Les inspections effectuées par les autorités russes ne collent apparemment pas avec le scénario d’un accident nucléaire survenu à l’usine de Mayak, au sud-est du pays. De nouvelles investigations vont être menées pour préciser l’origine du nuage de ruthénium, qui a déclenché les réseaux d’alerte européens en octobre 2017.Voici comment.
INVESTIGATIONS. La localisation de la source russe qui a dégagé du ruthénium, un radionucléide artificiel l’automne dernier demandera des investigations approfondies dont les résultats ne seront pas connus avant avril prochain, à minima. C’est ce qu’a expliqué Jean Luc Lachaume, directeur délégué à la crise de l’IRSN,à Sciences et Avenir, à son retour de Moscou, début février. L’expert représentait la France, le 31 janvier 2018 lors de de la première réunion de la Commission internationale d’experts mise en place par les autorités russes pour découvrir l’origine de cette pollution. Les chercheurs ont collectivement écarté la possibilité que cette pollution soit d’origine satellitaire ou médicale (le ruthénium servant parfois à soigner des cancers de l’œil). Mais l’IRSN, l’Institut de radioprotection et de sûreté nucléaire français, y a également défendu sa meilleure hypothèse: » celle d’un rejet au cours d’un incident survenu en septembre 2017 lors d’une opération utilisant du combustible irradié refroidi deux ans environ à l’usine de Mayak (Russie) située dans une zone comprise entre la Volga et l’Oural ». L’âge du combustible aurait pu être déterminé « en raison de la détection de ruthénium-103 avec un ratio par rapport au Ruthénium-106 caractéristique d’un combustible usé sorti d’un réacteur nucléaire depuis environ 24 mois » précise Jean-Luc Lachaume. Rappellons que le Ru-106 est un radionucléide artificiel né de la fission de produits nucléaires et qui n’est pas présent naturellement dans l’environnement. Ce scénario colle avec l’hypothèse avancée par des chercheurs dans les colonnes de notre confrère le Figaro le 2 février dernier : l’usine de Mayak a en effet justement remporté l’an dernier un appel d’offre auprès du CEA et de son homologue italien l’INFN pour fournir du cérium-144 aux fins d’une expérience de physique fondamentale, commande qu’elle n’a pu honorer.

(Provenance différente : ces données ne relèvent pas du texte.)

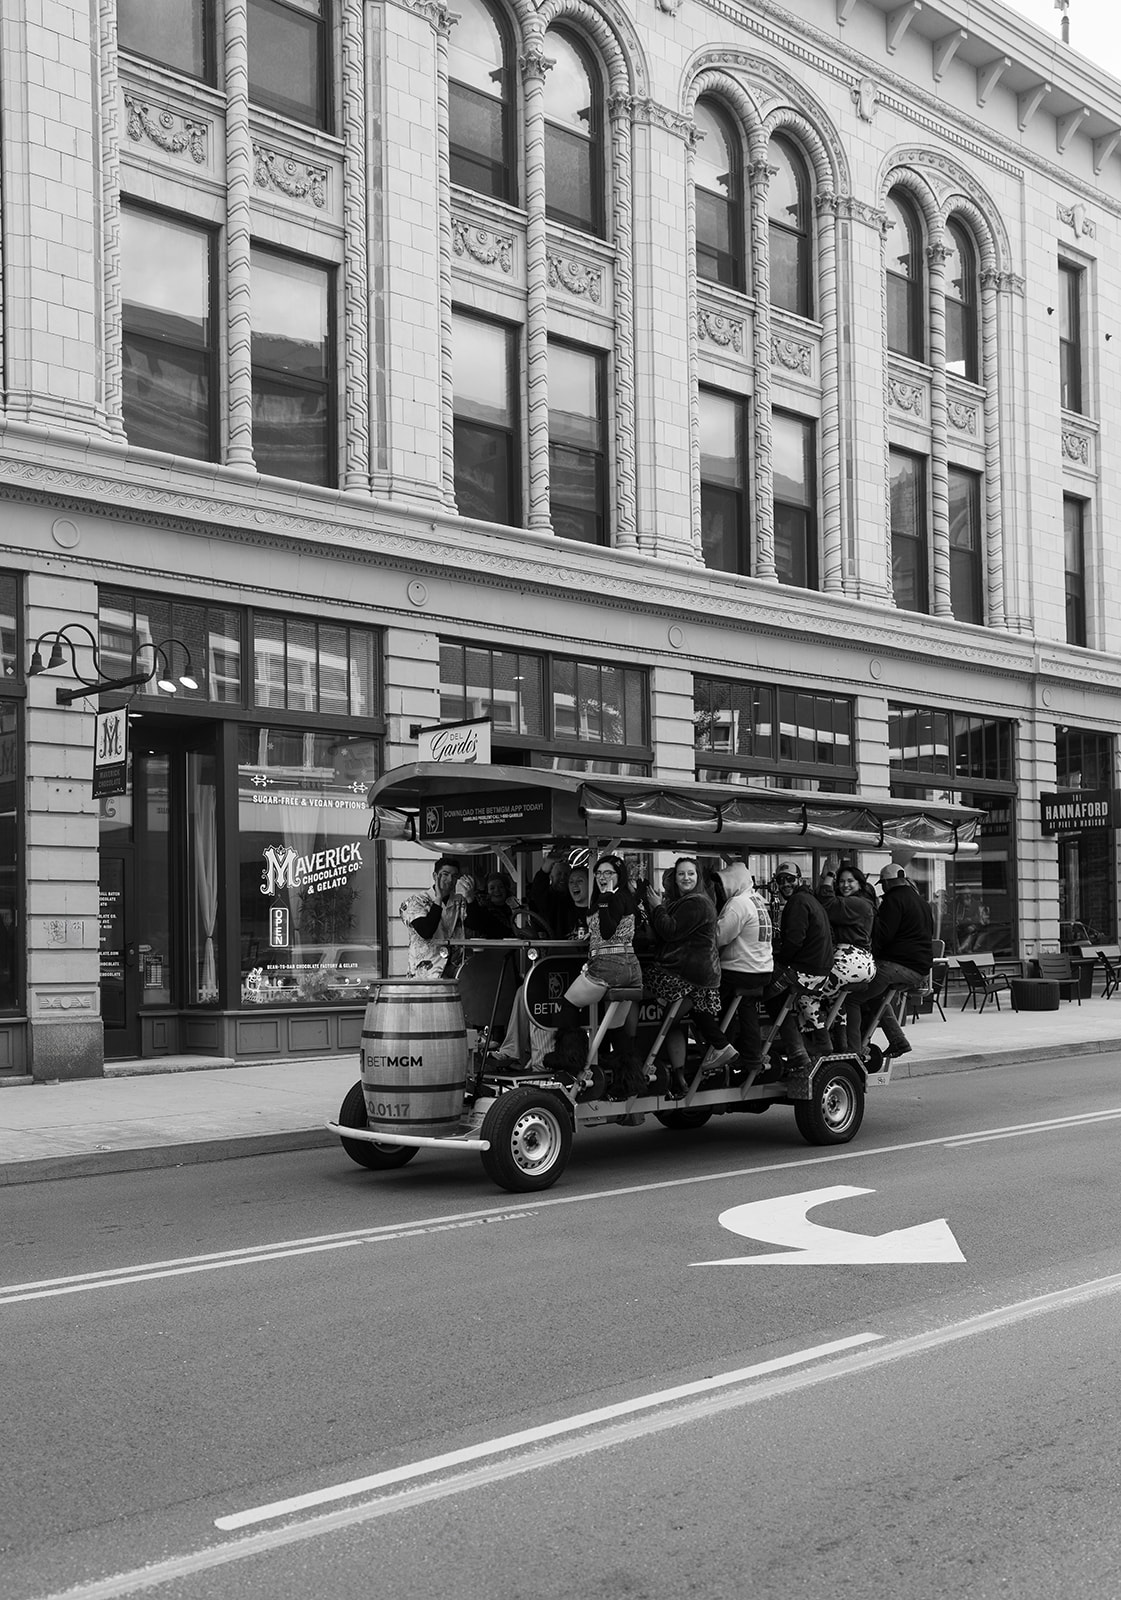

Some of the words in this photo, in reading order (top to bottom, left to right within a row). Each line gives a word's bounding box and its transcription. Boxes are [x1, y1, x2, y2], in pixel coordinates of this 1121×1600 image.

[98, 715, 123, 759] M
[430, 728, 478, 762] Gardo's
[449, 732, 463, 741] DEL
[252, 794, 299, 806] SUGAR-FREE
[300, 798, 307, 806] &
[309, 798, 333, 808] VEGAN
[334, 800, 366, 809] OPTIONS
[1072, 794, 1082, 802] THE
[444, 807, 474, 818] DOWNLOAD
[474, 806, 485, 815] THE
[486, 804, 511, 815] BETMGM
[511, 804, 523, 812] APP
[523, 802, 544, 812] TODAY!
[1045, 801, 1108, 820] HANNAFORD
[1080, 818, 1105, 827] MADISON
[260, 841, 363, 896] MAVERICK
[302, 866, 348, 885] CHOCOLATE
[307, 882, 315, 894] &
[317, 876, 348, 892] GELATO
[275, 909, 283, 945] OPEN
[534, 1002, 562, 1015] BETM
[367, 1055, 423, 1067] BETMGM

Or, précise Jean-Luc Lachaume, « le retraitement de combustibles usés permet normalement de recueillir de tels radio-isotopes avec des filtres (voir notre image ci-dessous), mais en cas de réchauffement accidentel, le ruthénium peut s’évader à l’état gazeux« … et même être détecté par les stations de surveillance de la radioactivité atmosphérique européennes, en cas de rejet massif.
Le hic, c’est que ce scénario, né des investigations de l’IRSN français et approuvé par les experts allemands, ne colle pas avec les résultats des inspections effectuées par les russes sur le terrain, entre août et novembre 2017. Selon la directrice de l’Autorité de sûreté russe entendue par la Commission d’enquête, » aucun incident n’est survenu entre août et novembre 2017 dans les installations de Dimitrovgrad et de Mayak situées dans la zone identifiée par l’IRSN« .
La Commission a donc décidé de poursuivre ses travaux. Les autorités russes doivent fournir à l’IRSN (et aux autres experts) les mesures réalisées autour de l’usine de Mayak et dans la région. Ils doivent également fournir les conditions et données météorologiques locales entre septembre et octobre. Cela permettra un maillage des zones concernées plus fin que celui réalisé à partir des données de Météo France, situé à 6000 km de là. À partir de ces données, l’IRSN affinera donc ses simulations. Pour en finir avec l’incertitude sur l’origine du rejet, elle pourra alors recommander de nouvelles analyses du sol dans les endroits qui lui semblent pertinents, dans toute la région sise entre la Volga et l’Oural. La prochaine réunion est fixée au 11 avril 2018, à Moscou.